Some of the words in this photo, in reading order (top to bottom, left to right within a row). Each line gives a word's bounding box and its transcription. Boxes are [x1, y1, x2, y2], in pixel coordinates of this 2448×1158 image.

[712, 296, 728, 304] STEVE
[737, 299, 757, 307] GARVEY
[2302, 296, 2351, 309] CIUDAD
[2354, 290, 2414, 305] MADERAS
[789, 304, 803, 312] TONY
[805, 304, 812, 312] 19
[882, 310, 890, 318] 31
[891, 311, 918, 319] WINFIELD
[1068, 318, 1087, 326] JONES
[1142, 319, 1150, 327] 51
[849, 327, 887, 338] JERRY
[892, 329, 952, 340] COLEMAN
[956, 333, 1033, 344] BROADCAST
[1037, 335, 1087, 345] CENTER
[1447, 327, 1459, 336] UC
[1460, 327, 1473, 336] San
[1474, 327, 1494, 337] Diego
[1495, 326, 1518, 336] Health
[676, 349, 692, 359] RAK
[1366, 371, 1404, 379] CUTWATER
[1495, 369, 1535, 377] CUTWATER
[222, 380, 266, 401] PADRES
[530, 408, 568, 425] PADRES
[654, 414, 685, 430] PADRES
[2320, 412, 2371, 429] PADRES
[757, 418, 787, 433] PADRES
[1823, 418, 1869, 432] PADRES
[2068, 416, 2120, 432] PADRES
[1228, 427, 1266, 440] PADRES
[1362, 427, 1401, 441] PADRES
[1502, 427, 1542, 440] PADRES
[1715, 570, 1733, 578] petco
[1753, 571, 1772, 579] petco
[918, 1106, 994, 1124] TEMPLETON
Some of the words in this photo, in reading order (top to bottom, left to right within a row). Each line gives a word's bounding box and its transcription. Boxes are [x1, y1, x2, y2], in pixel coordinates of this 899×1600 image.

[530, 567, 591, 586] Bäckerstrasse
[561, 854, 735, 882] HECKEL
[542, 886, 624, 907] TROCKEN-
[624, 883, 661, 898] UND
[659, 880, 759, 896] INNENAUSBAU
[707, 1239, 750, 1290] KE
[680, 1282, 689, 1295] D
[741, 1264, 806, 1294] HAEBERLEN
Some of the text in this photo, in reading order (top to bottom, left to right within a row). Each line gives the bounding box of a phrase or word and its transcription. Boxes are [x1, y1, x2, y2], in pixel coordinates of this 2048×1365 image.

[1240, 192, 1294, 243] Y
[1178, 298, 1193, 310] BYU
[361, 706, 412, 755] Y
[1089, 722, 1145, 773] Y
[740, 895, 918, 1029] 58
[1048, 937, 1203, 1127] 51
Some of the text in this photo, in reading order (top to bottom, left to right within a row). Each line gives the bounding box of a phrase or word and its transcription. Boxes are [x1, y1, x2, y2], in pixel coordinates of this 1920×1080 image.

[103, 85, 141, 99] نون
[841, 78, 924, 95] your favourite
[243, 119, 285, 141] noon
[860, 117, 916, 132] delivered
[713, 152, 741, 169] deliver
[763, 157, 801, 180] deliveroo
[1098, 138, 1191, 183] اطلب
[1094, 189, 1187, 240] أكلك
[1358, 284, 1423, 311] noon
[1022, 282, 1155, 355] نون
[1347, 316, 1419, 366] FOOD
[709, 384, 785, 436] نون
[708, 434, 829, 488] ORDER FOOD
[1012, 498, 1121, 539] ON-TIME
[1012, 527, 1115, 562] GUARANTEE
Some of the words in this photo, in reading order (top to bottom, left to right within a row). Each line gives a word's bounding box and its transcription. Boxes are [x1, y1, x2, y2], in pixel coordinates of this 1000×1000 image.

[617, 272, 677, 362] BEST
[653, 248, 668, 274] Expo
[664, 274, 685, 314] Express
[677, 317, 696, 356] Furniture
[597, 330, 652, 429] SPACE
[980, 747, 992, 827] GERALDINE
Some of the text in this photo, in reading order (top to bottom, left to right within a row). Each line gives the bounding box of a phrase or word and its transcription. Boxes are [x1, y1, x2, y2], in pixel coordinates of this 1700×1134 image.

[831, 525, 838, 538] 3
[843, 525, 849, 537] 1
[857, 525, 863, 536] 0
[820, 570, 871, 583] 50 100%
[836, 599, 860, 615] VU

□ □ □ □

_TO DO:_ The line containing "this 1700×1134 image." marks where to begin; copy it and every later line exactly, through the end of the data.

_YOUR SOLUTION:_
Some of the text in this photo, in reading order (top to bottom, left to right within a row). Each line gives the bounding box of a phrase or word and its transcription. Boxes are [x1, y1, x2, y2], in pixel coordinates of this 1700×1134 image.

[831, 525, 838, 538] 3
[843, 525, 849, 537] 1
[857, 525, 863, 536] 0
[820, 570, 871, 583] 50 100%
[836, 599, 860, 615] VU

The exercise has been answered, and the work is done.